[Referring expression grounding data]
####

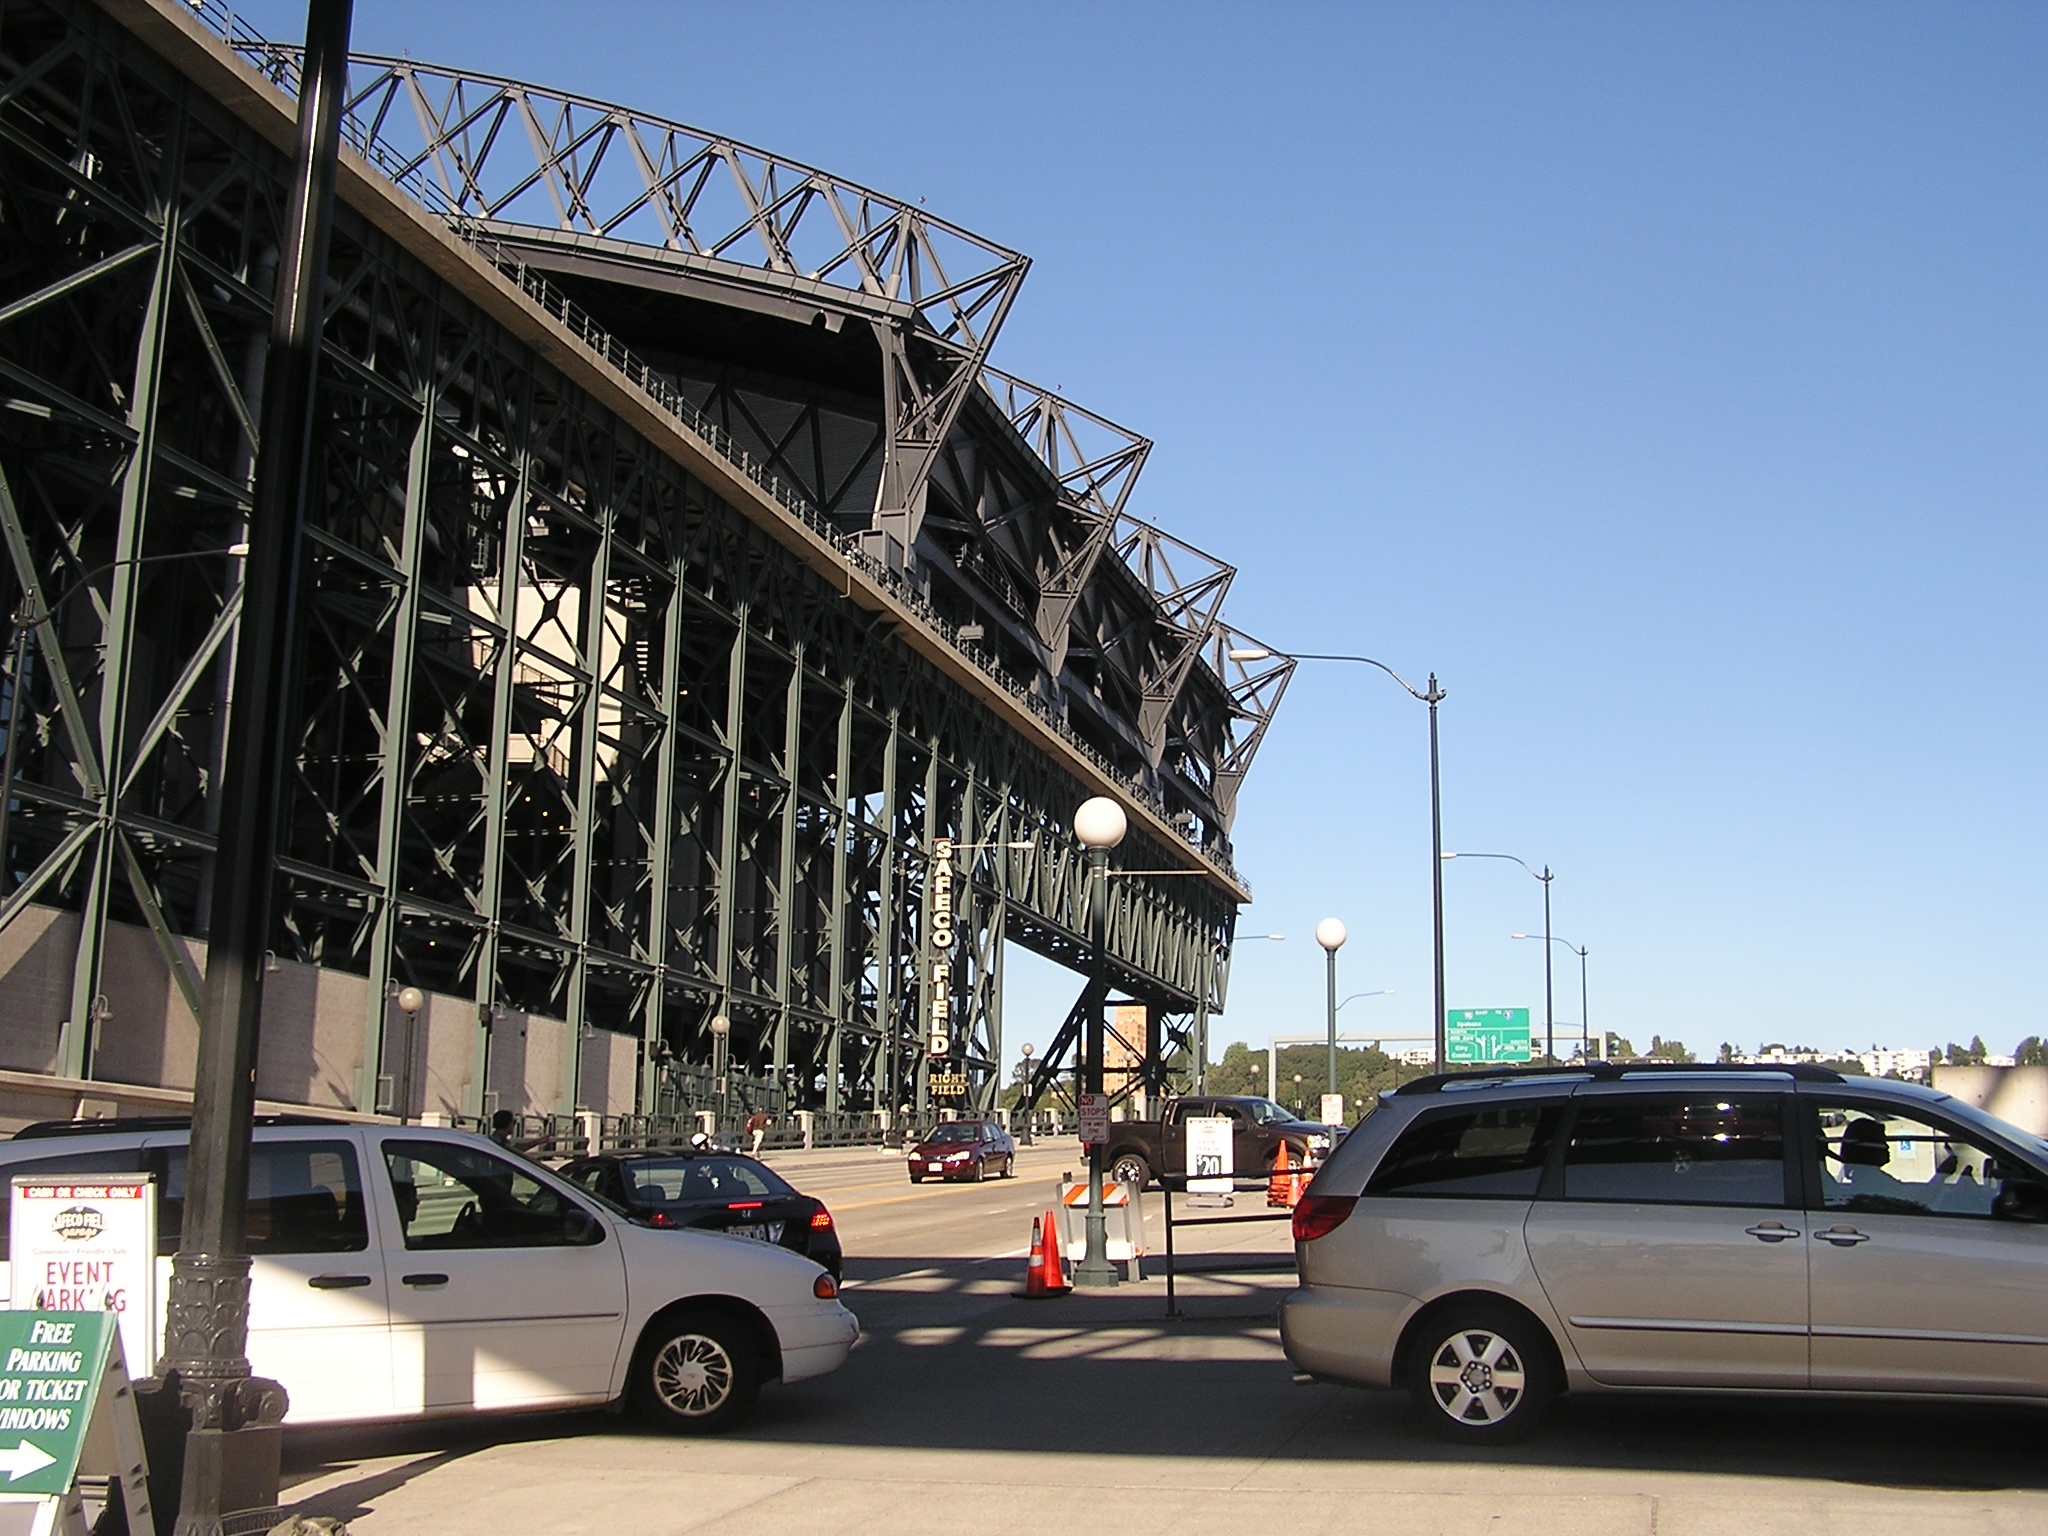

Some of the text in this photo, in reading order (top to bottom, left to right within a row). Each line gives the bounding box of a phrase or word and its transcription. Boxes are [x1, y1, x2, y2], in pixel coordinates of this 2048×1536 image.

[930, 841, 953, 1055] SAFECO FIELD
[929, 1073, 967, 1084] RIGHT
[931, 1085, 966, 1096] FIELD
[1081, 1096, 1093, 1105] NO
[1081, 1107, 1106, 1116] STOPS
[1197, 1155, 1219, 1175] $20
[28, 1186, 137, 1197] CASH OR CHECK ONLY
[46, 1261, 114, 1285] EVENT
[44, 1288, 127, 1312] ARKG
[29, 1320, 76, 1344] FREE
[5, 1347, 83, 1373] PARKING
[25, 1379, 88, 1401] TICKET
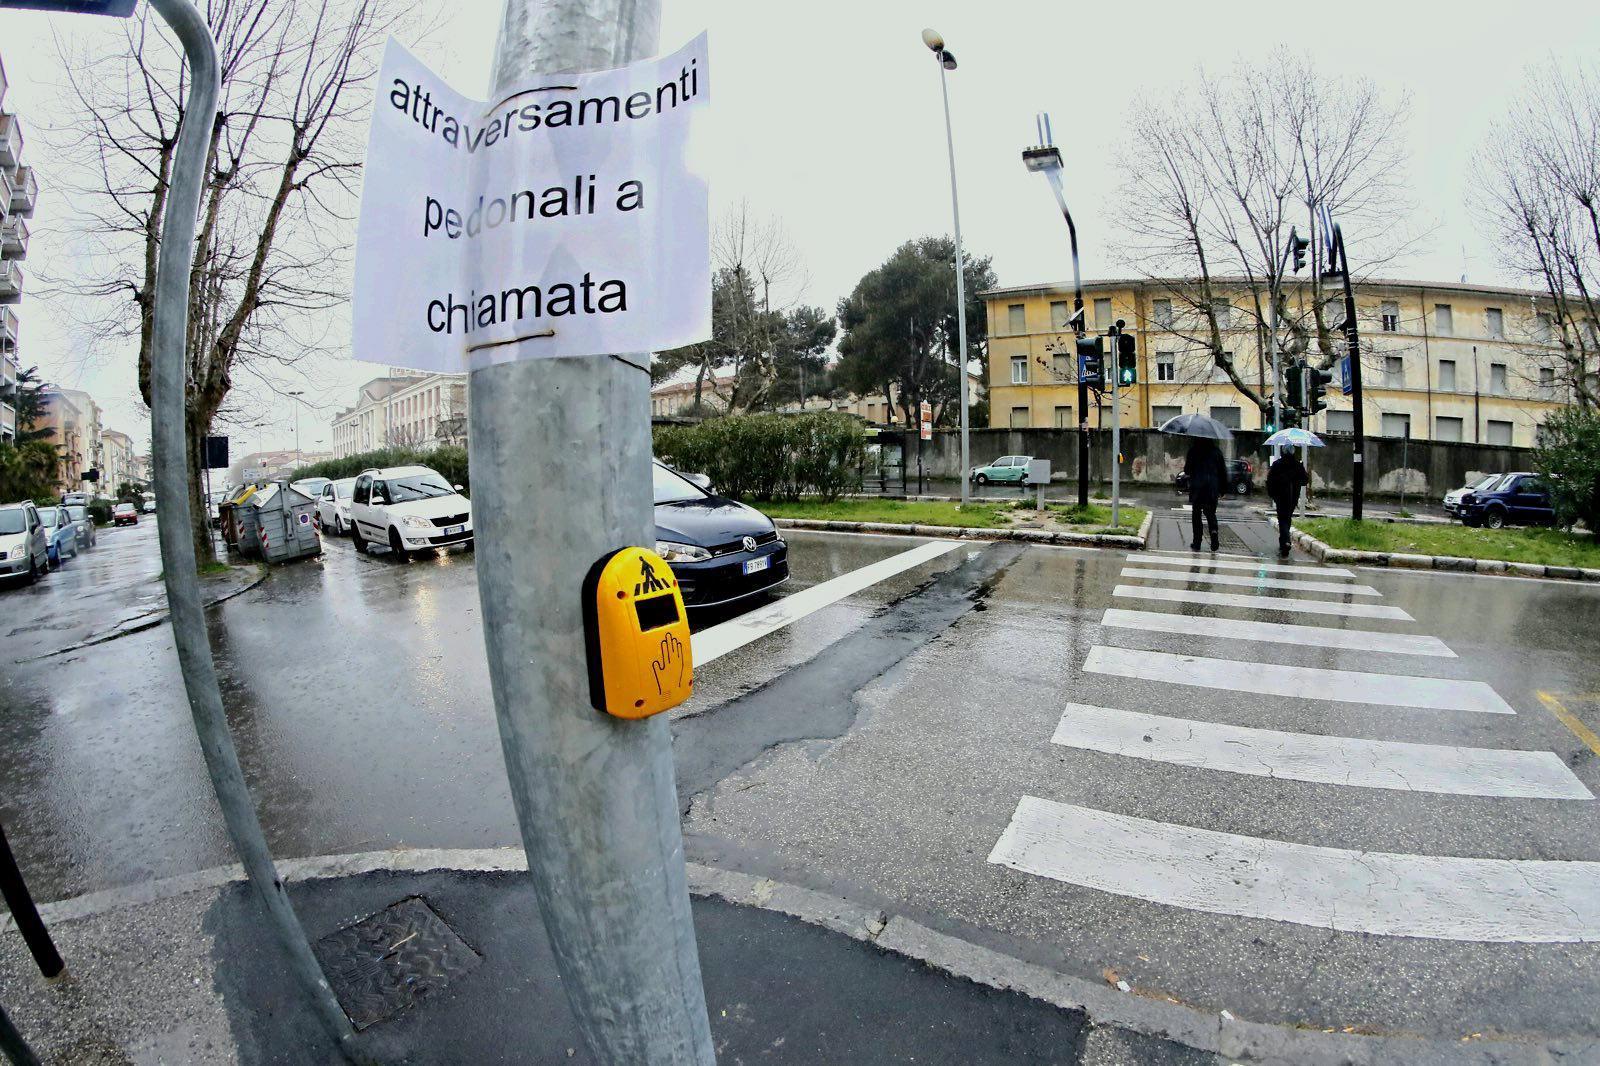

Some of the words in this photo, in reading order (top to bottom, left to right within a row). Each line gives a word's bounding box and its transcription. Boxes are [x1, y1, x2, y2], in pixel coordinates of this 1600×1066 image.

[390, 58, 698, 153] attraversamenti
[424, 174, 596, 239] pedonali
[616, 179, 645, 211] a
[427, 272, 627, 334] chiamata

####

After removing the pictures, set down every record above exactly as it stands.

Some of the text in this photo, in reading order (top to bottom, left to right within a row). Each line gives the bounding box of a phrase or word and its transcription. Boxes are [x1, y1, x2, y2], in pixel coordinates of this 2048×1536 image.

[930, 841, 953, 1055] SAFECO FIELD
[929, 1073, 967, 1084] RIGHT
[931, 1085, 966, 1096] FIELD
[1081, 1096, 1093, 1105] NO
[1081, 1107, 1106, 1116] STOPS
[1197, 1155, 1219, 1175] $20
[28, 1186, 137, 1197] CASH OR CHECK ONLY
[46, 1261, 114, 1285] EVENT
[44, 1288, 127, 1312] ARKG
[29, 1320, 76, 1344] FREE
[5, 1347, 83, 1373] PARKING
[25, 1379, 88, 1401] TICKET

Some of the words in this photo, in reading order (top to bottom, left to right within a row). Each line gives a word's bounding box and its transcription. Boxes are [x1, y1, x2, y2], in pixel coordinates of this 1600×1066 image.

[390, 58, 698, 153] attraversamenti
[424, 174, 596, 239] pedonali
[616, 179, 645, 211] a
[427, 272, 627, 334] chiamata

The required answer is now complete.